Dans son documentaire intitulé « Les Sacrifiés de l’IA », présenté mardi sur France 2, le cinéaste Henri Poulain met en lumière les réalités du quotidien de ceux qui nourrissent le système. Ce portrait dévoilé s’écarte considérablement de l’idéal collectif tant attendu.
Selon une évaluation de la Banque mondiale, entre 150 et 430 millions de personnes seront impliquées dans le traitement des données en 2023. Ces individus, qui œuvrent partout dans le monde en collectant d’énormes volumes d’informations, fournissent la matière première aux systèmes d’intelligence artificielle (IA), comme le rappelle Henri Poulain. Ce dernier nous dévoile son documentaire original Les Sacrifiés de l’IA, diffusé sur France 2, alors que le Sommet sur l’intelligence artificielle a lieu à Paris. En contraste frappant avec les discours optimistes de figures telles qu’Elon Musk ou Mark Zuckerberg, qui vantent l’IA comme une solution miracle, Poulain révèle le sort des travailleurs qu’il nomme les sacrifiés de l’IA. Ces hommes et femmes sont exploités par l’industrie technologique, qui, contrairement aux affirmations des géants du secteur, repose en grande partie sur une contribution humaine et non sur des processus entièrement autonomes. « Il y a un récit marketing, » affirme-t-il, « qui vise à présenter l’IA comme le summum de l’innovation technologique, libérant l’humanité du travail ardu. »
En vérité, l’IA se déploie dans de nombreux aspects de notre quotidien. Que ce soit pour obtenir une recommandation de restaurant en ligne ou discuter avec un conseiller virtuel, l’IA est omniprésente. Cependant, pour qu’elle fonctionne, elle nécessite l’apport de milliards de données, fournies par les travailleurs de l’ombre dont le nombre ne cesse de croître. Ces personnes, souvent en situation de pauvreté et parfois incarcérées, comme c’est le cas en Finlande, travaillent dans des conditions difficiles. Bien que certains résident en France, la majorité opère en Afrique, en Asie du Sud-Est, en Amérique du Sud, notamment au Venezuela et en Indonésie, en partie à cause de la flexibilité économique propre à ces régions.

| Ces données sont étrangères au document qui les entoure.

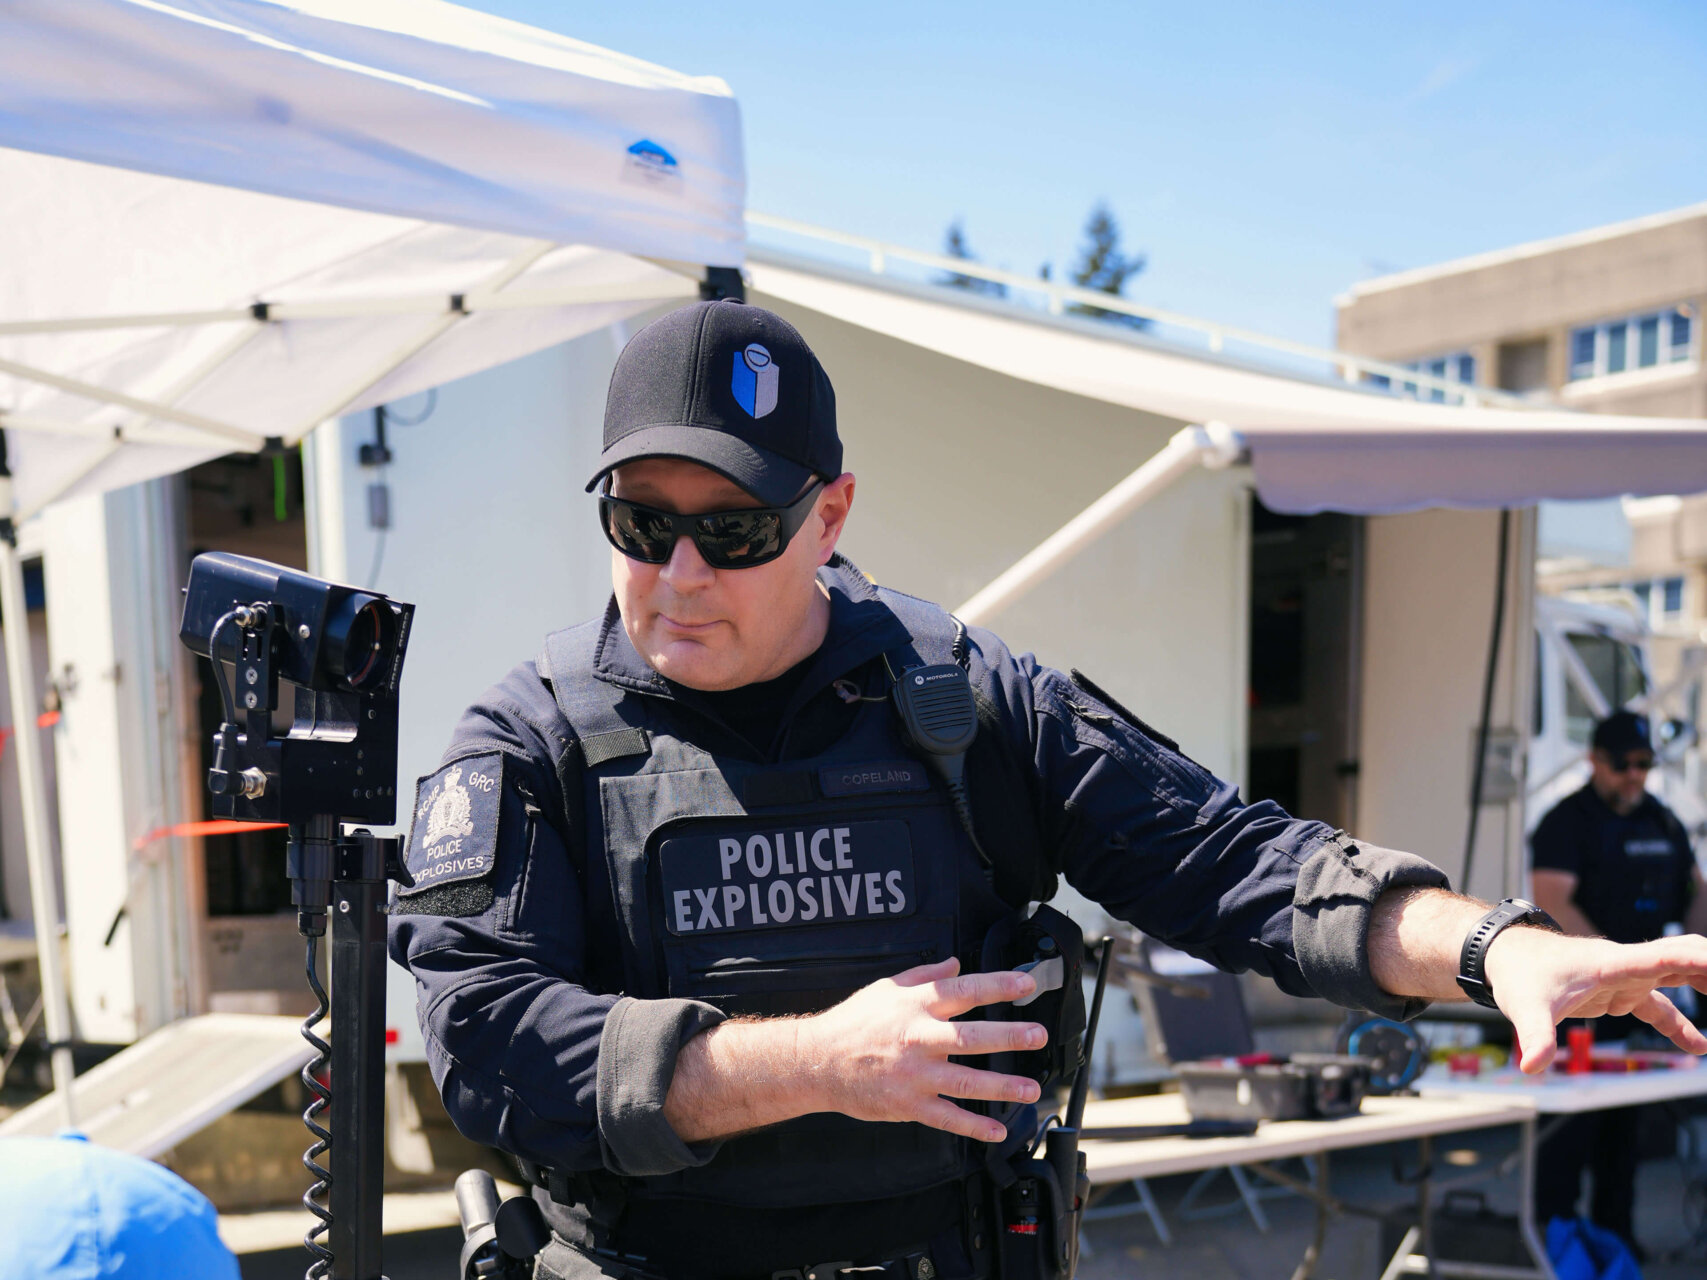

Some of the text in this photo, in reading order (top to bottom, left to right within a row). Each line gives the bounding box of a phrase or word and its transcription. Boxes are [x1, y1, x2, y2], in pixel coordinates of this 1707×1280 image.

[926, 672, 959, 681] MOTOROLA
[468, 771, 495, 793] GRC
[841, 769, 911, 786] COPELAND
[417, 784, 440, 820] RCMP
[426, 838, 463, 863] POLICE
[718, 826, 854, 881] POLICE
[672, 869, 907, 932] EXPLOSIVES
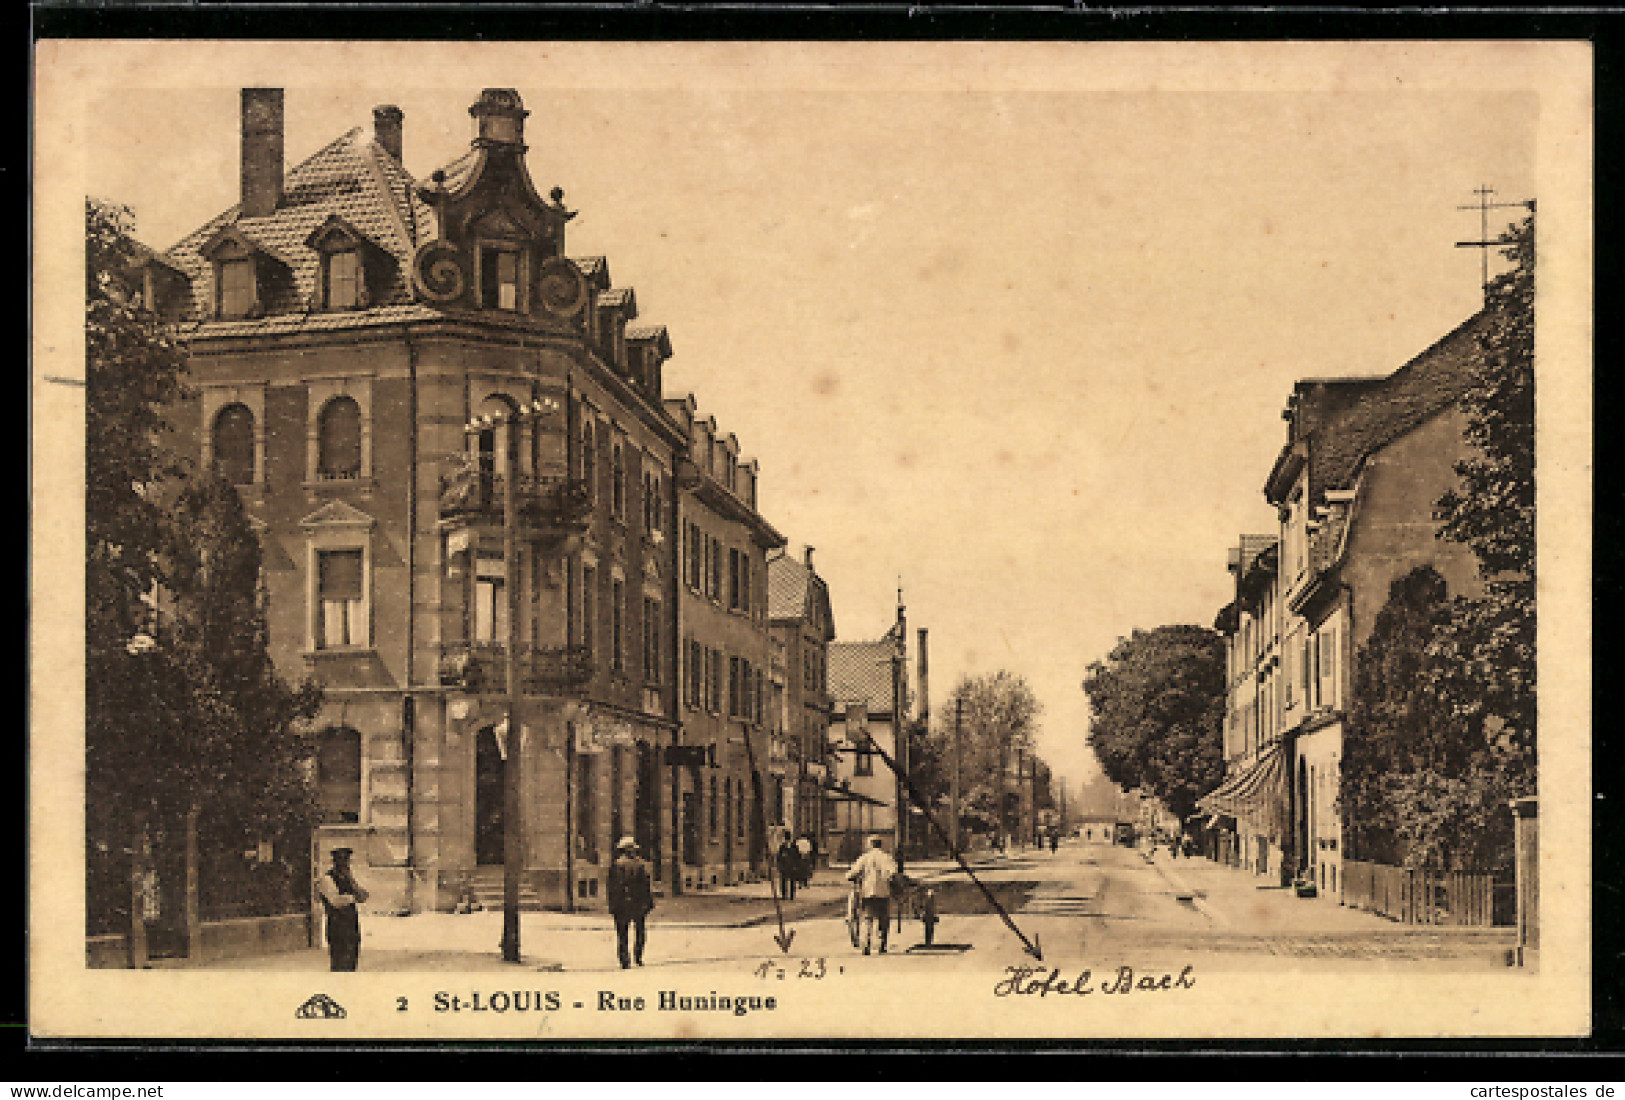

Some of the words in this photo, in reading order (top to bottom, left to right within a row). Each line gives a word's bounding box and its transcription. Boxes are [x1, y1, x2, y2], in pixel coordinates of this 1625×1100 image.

[1101, 964, 1196, 994] Bach
[396, 996, 409, 1011] 2
[434, 991, 561, 1013] St-LOUIS
[597, 991, 645, 1011] Rue
[658, 991, 777, 1016] Huningue

Dans certains pays, comme le Kenya, ces emplois sont soumis à des règles strictes de confidentialité, brisées au péril d’une peine de prison, comme le souligne Henri Poulain. Ce dernier se remémore une expérience à Nairobi, où, peu après avoir commencé à documenter dans un hôtel modeste, la police politique locale — équivalente de la DGSI en France — les a interrompus pour leur ordonner de cesser de filmer.
Le documentaire dévoile également la nature répétitive et éprouvante du travail réalisé par un employé : annoter des images et sélectionner des options pour les décrire le plus précisément possible. Cependant, ces tâches peuvent aussi être éprouvantes sur le plan émotionnel, comme le raconte un témoin anonyme ayant eu pour mission d’annoter des contenus où des enfants étaient victimes d’abus. « C’est une forme de torture mentale, » confie-t-il, ému. « L’objectif est de former, par exemple, ChatGPT à reproduire le comportement et la créativité humaine, tout en évitant certains comportements néfastes« , détaille Henri Poulain.

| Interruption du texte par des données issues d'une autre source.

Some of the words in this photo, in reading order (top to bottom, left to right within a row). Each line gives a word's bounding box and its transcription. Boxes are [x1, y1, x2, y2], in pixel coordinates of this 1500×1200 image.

En plus de capitaliser sur le travail humain, l’IA exploite aussi les ressources minières de notre planète, englobant des métaux comme le cuivre, le cobalt, l’or ou encore le tungstène. « La manière dont on traite les humains se répercute sur notre planète et la nature, c’est une spirale insatiable, » commente Henri Poulain. « L’accroissement des émissions de CO2 dû à l’IA est également notable, avec des chiffres en pleine explosion, » ajoute-t-il. « Il est impératif que l’Europe prenne cette question à bras le corps, surtout face à des États-Unis qui soutiennent depuis longtemps les grandes firmes technologiques« .

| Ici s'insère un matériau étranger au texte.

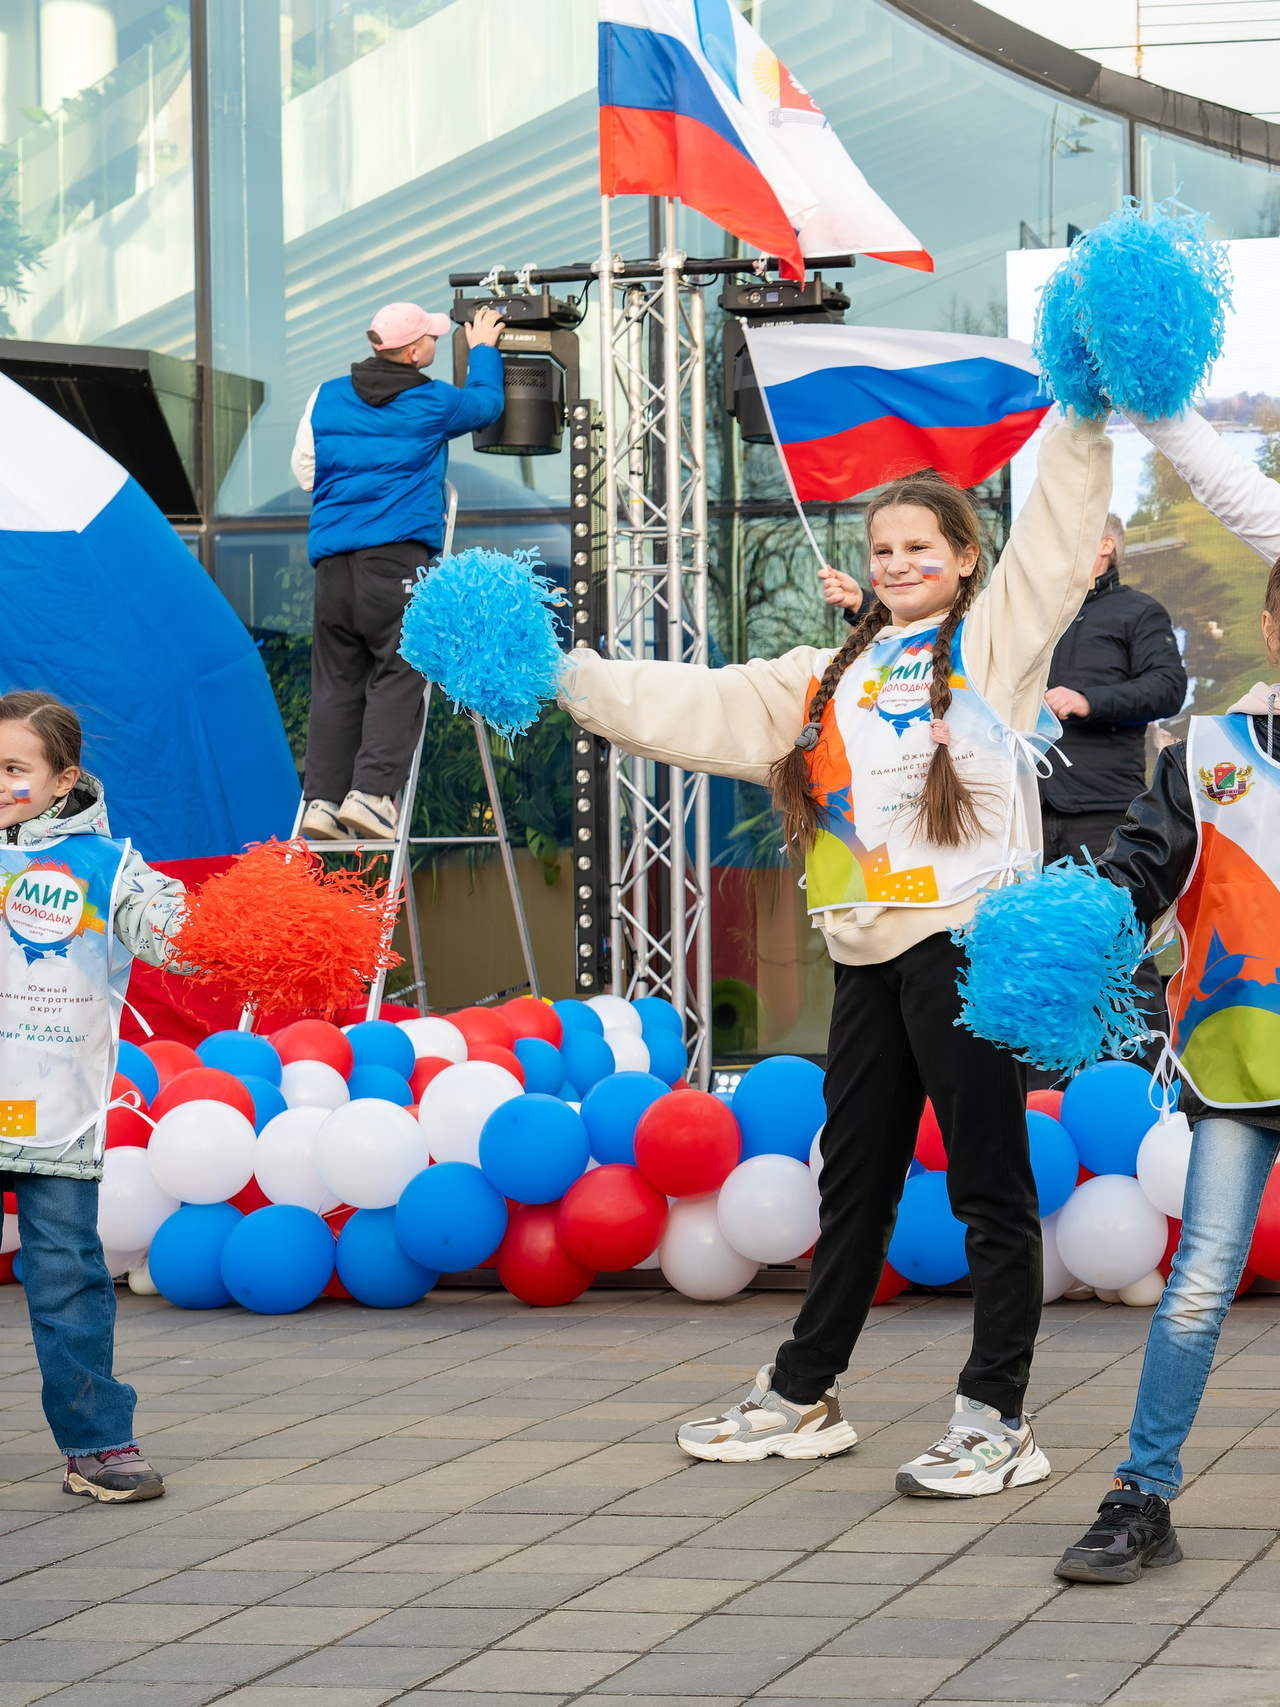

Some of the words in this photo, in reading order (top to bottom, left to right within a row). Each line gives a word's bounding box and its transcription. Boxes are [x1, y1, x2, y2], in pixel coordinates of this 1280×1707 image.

[901, 752, 932, 761] Южны
[907, 772, 927, 780] окр
[15, 878, 79, 911] МИР
[11, 901, 73, 925] МОЛОДЫХ
[28, 984, 68, 994] Южный
[29, 1005, 62, 1014] округ
[18, 1023, 39, 1032] ГБУ
[44, 1025, 71, 1034] ДСЦ

Après avoir visionné Les Sacrifiés de l’IA, peut-être verrez-vous ChatGPT sous un autre angle. En avons-nous néanmoins besoin ? « La responsabilité est double, » estime Poulain, « à la fois individuelle — nous devons tous nous poser ces questions — et politique« . Il reconnaît que cette industrie, encore jeune, échappe en partie à la vigilance des décideurs publics, mais il juge essentiel d’agir rapidement. « Nous devons réintroduire dans le débat politique autour de l’IA la question des millions de travailleurs qui la nourrissent, » conclut-il.